Risk of prostate cancer - the most frequently diagnosed cancer among men in the United States - increases with the number of lifetime sexual partners, according to recently published Hutch research.
Results of the study, conducted by Public Health Sciences Division investigators Drs. Janet Stanford and Kristine Wicklund with Dr. Karin Rosenblatt of the University of Illinois, support the existence of an infectious component that contributes to risk of disease.
"Studies done in the 1970s indicated an association of sexual factors or sexual history with risk of prostate cancer," said Stanford, who is head of the Hutch's Prostate Cancer Research Program and a professor of epidemiology at the University of Washington.
"Some of the research suggested an increased risk with increasing numbers of sexual partners or early age of first intercourse. But none of these studies considered multiple sexual factors at the same time, while ours did. When we considered all factors together, the number of lifetime sexual partners emerged as an important variable for cancer risk."
The study evaluated 753 King County men aged 40 to 64 who had been diagnosed with prostate cancer between 1993 and 1996 and compared them with 703 age-matched controls. Men were questioned about sexual behavior, medical history, including sexually transmitted diseases, and other demographic factors.
Researchers found an increased risk of prostate cancer in men who had multiple lifetime female sexual partners, with greater than twice the risk in men who had 30 or more partners.
A modest increase in risk was observed in men who had suffered from gonorrheal infections, and non-significant increases in risk were observed with increasing number of sexually transmitted diseases.
Research challenge
The challenge, Stanford said, is to figure out if physiological factors such as male hormone levels, which have been associated with risk of prostate cancer, are correlated with aspects of sexual behavior such as multiple partners or earlier ages of first intercourse.
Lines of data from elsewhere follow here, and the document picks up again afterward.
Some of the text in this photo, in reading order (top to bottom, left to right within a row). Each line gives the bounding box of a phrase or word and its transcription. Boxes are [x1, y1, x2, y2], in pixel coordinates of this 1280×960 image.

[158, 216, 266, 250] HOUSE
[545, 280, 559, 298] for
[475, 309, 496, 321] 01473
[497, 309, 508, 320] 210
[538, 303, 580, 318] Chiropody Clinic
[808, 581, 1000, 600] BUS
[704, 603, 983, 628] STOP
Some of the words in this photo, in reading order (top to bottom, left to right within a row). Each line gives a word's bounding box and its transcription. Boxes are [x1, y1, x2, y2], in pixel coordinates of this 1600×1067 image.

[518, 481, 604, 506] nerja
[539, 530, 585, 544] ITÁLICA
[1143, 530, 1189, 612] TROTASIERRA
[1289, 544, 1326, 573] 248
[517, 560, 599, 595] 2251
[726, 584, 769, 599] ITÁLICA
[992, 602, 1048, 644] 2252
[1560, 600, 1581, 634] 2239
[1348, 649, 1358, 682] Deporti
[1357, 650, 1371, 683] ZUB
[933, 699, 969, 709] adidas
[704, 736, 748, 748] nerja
"We don't fully understand the relationship between a man's androgen profile and his lifetime pattern of sexual behavior," she said. "If men with higher androgen levels also have more sexual partners, our finding of an elevated risk in men with multiple partners could be confounded by hormone status.
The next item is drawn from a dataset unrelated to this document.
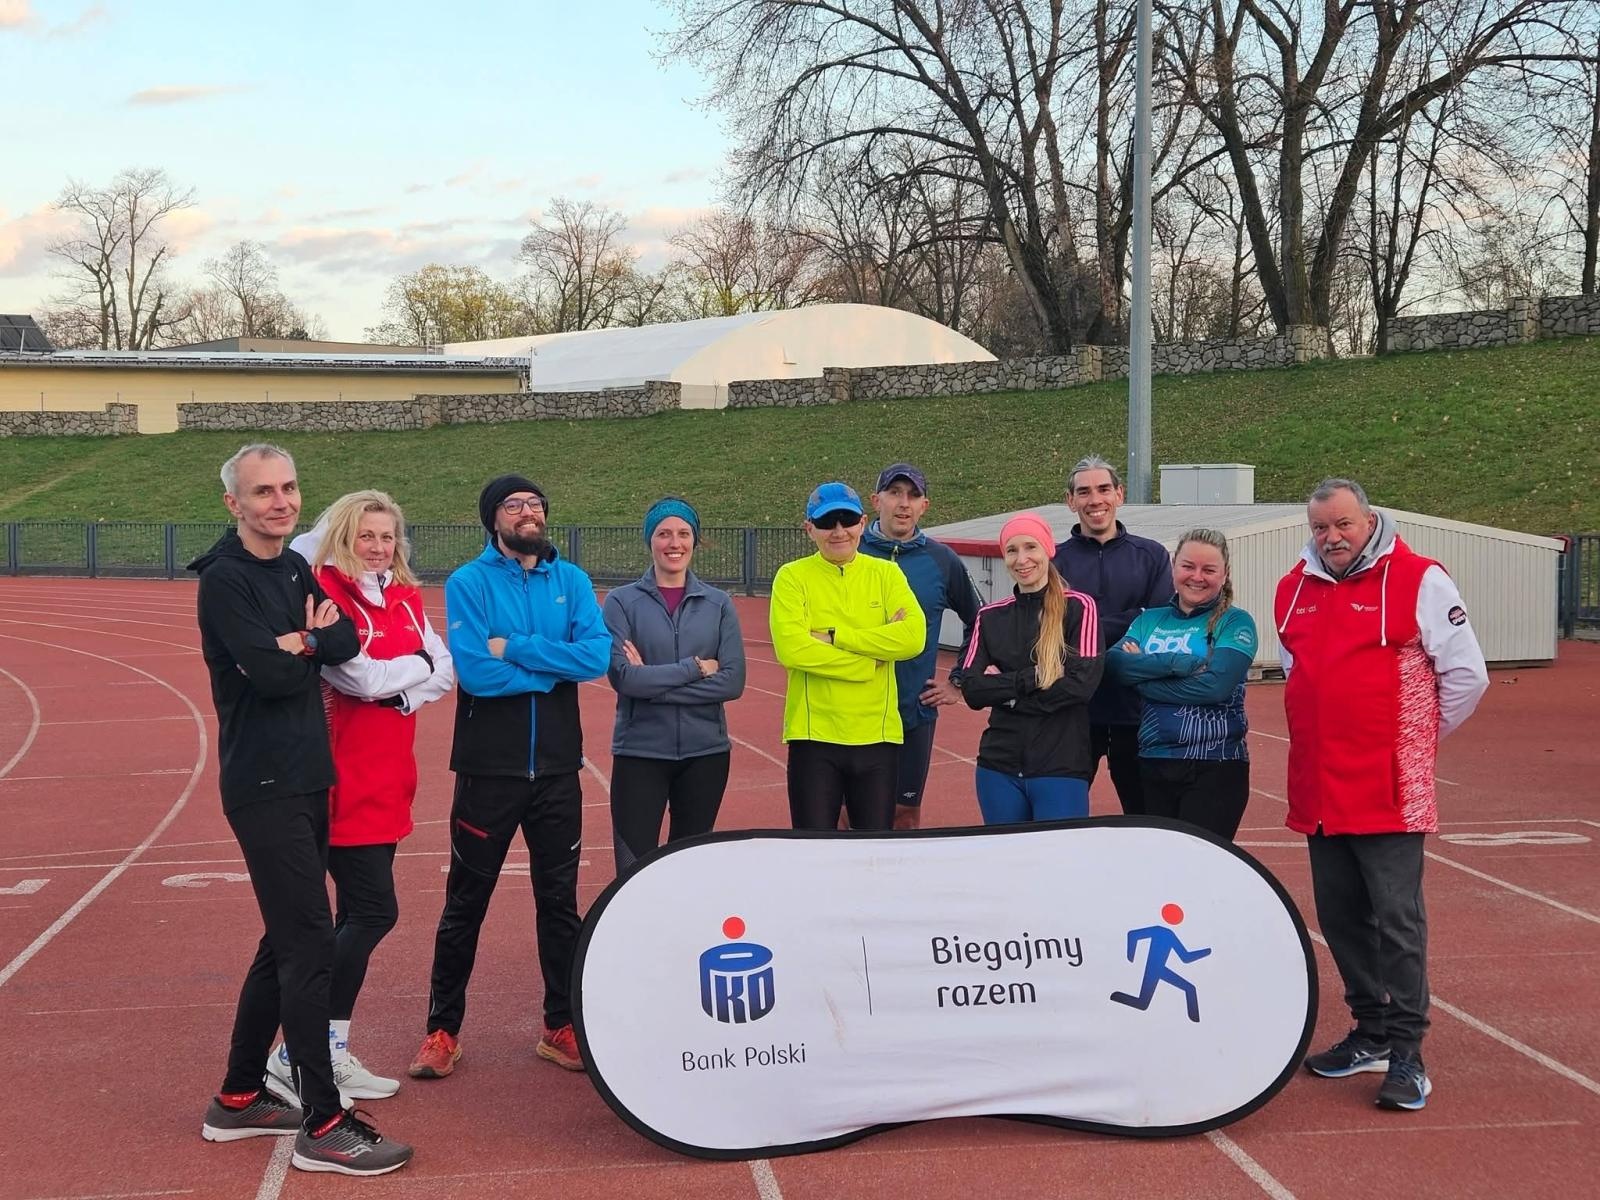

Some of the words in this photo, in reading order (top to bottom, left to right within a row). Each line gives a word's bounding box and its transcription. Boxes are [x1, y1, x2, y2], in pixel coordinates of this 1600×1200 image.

"Our study did not measure androgen levels, and even if we had, it may be that the level of androgen during adolescence or early adulthood, some years before the study was conducted, would be more relevant in terms of lifetime sexual behavior."
The observation of an increased prostate cancer risk with increasing number of lifetime sexual partners suggests that an infectious agent may contribute, at least in part, to disease development.
Most human cancers have no known infectious origin. Exceptions include several anogenital cancers, most notably cervical cancer, in which specific strains of human papilloma virus (HPV) are the cause.
Stanford said studies have disagreed on whether or not HPV infection is linked to prostate-cancer incidence. She will collaborate with Dr. Denise Galloway, an investigator in the Human Biology Division, on a study recently funded by the National Institutes of Health to examine the association between HPV status and prostate cancer risk.
Conflicting studies
"Using stored serum that we collected at the time of the study, we'll be looking for antibodies to HPV-16 and HPV-18," Stanford said. "The reason for doing this is that there have been suggestive but conflicting studies on the role of these two types of HPV infection in relation to the occurrence of prostate cancer.
"There have been positive and negative serological studies and pathology studies looking for evidence of the virus in prostate tumor tissue. While the results were variable, there is evidence that HPV may play a role. We think it is important to follow up and find out."